▶ [YOUR GOAL]: With no line left out, restate the data word for word.
Segment Start: SUPPLIED ENTRIES
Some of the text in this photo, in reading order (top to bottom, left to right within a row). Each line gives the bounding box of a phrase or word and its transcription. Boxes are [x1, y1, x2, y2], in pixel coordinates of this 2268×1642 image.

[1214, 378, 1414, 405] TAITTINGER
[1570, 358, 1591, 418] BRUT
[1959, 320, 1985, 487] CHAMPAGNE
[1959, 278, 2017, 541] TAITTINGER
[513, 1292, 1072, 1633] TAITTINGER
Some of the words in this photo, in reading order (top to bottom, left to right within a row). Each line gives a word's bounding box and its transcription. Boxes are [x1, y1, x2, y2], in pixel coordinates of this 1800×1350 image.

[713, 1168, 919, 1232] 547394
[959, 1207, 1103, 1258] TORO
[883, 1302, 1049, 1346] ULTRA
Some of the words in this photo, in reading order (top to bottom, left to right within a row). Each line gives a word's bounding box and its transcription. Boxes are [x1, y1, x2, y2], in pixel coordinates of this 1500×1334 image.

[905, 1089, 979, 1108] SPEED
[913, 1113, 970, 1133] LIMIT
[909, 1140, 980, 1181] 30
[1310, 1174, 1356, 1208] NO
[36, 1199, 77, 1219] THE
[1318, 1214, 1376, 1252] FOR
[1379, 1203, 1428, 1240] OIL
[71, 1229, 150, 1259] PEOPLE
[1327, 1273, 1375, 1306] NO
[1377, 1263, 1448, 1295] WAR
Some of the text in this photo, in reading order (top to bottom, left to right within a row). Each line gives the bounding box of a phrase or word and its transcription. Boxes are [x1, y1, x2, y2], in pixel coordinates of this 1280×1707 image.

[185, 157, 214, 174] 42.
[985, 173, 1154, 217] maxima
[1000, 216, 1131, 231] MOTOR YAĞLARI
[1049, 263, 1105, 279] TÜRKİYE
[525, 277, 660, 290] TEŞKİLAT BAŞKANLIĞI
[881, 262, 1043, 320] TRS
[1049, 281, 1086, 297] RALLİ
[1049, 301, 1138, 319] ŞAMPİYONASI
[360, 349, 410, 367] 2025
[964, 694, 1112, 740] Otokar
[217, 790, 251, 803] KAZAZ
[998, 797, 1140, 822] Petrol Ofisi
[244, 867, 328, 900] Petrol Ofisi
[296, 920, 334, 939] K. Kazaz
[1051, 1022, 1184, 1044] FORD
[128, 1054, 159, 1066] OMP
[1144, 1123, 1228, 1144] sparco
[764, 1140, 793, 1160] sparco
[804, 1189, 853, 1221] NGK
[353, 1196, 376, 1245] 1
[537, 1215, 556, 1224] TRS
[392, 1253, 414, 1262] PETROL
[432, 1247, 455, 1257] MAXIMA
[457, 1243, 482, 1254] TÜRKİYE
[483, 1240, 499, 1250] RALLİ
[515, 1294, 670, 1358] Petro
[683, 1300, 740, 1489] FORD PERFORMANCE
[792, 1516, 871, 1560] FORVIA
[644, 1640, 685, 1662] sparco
Segment End: SUPPLIED ENTRIES
▶ [ANSWER TO THIS TASK]:
Some of the text in this photo, in reading order (top to bottom, left to right within a row). Each line gives the bounding box of a phrase or word and its transcription. Boxes are [x1, y1, x2, y2], in pixel coordinates of this 2268×1642 image.

[1214, 378, 1414, 405] TAITTINGER
[1570, 358, 1591, 418] BRUT
[1959, 320, 1985, 487] CHAMPAGNE
[1959, 278, 2017, 541] TAITTINGER
[513, 1292, 1072, 1633] TAITTINGER
Some of the words in this photo, in reading order (top to bottom, left to right within a row). Each line gives a word's bounding box and its transcription. Boxes are [x1, y1, x2, y2], in pixel coordinates of this 1800×1350 image.

[713, 1168, 919, 1232] 547394
[959, 1207, 1103, 1258] TORO
[883, 1302, 1049, 1346] ULTRA
Some of the words in this photo, in reading order (top to bottom, left to right within a row). Each line gives a word's bounding box and its transcription. Boxes are [x1, y1, x2, y2], in pixel coordinates of this 1500×1334 image.

[905, 1089, 979, 1108] SPEED
[913, 1113, 970, 1133] LIMIT
[909, 1140, 980, 1181] 30
[1310, 1174, 1356, 1208] NO
[36, 1199, 77, 1219] THE
[1318, 1214, 1376, 1252] FOR
[1379, 1203, 1428, 1240] OIL
[71, 1229, 150, 1259] PEOPLE
[1327, 1273, 1375, 1306] NO
[1377, 1263, 1448, 1295] WAR
Some of the text in this photo, in reading order (top to bottom, left to right within a row). Each line gives the bounding box of a phrase or word and its transcription. Boxes are [x1, y1, x2, y2], in pixel coordinates of this 1280×1707 image.

[185, 157, 214, 174] 42.
[985, 173, 1154, 217] maxima
[1000, 216, 1131, 231] MOTOR YAĞLARI
[1049, 263, 1105, 279] TÜRKİYE
[525, 277, 660, 290] TEŞKİLAT BAŞKANLIĞI
[881, 262, 1043, 320] TRS
[1049, 281, 1086, 297] RALLİ
[1049, 301, 1138, 319] ŞAMPİYONASI
[360, 349, 410, 367] 2025
[964, 694, 1112, 740] Otokar
[217, 790, 251, 803] KAZAZ
[998, 797, 1140, 822] Petrol Ofisi
[244, 867, 328, 900] Petrol Ofisi
[296, 920, 334, 939] K. Kazaz
[1051, 1022, 1184, 1044] FORD
[128, 1054, 159, 1066] OMP
[1144, 1123, 1228, 1144] sparco
[764, 1140, 793, 1160] sparco
[804, 1189, 853, 1221] NGK
[353, 1196, 376, 1245] 1
[537, 1215, 556, 1224] TRS
[392, 1253, 414, 1262] PETROL
[432, 1247, 455, 1257] MAXIMA
[457, 1243, 482, 1254] TÜRKİYE
[483, 1240, 499, 1250] RALLİ
[515, 1294, 670, 1358] Petro
[683, 1300, 740, 1489] FORD PERFORMANCE
[792, 1516, 871, 1560] FORVIA
[644, 1640, 685, 1662] sparco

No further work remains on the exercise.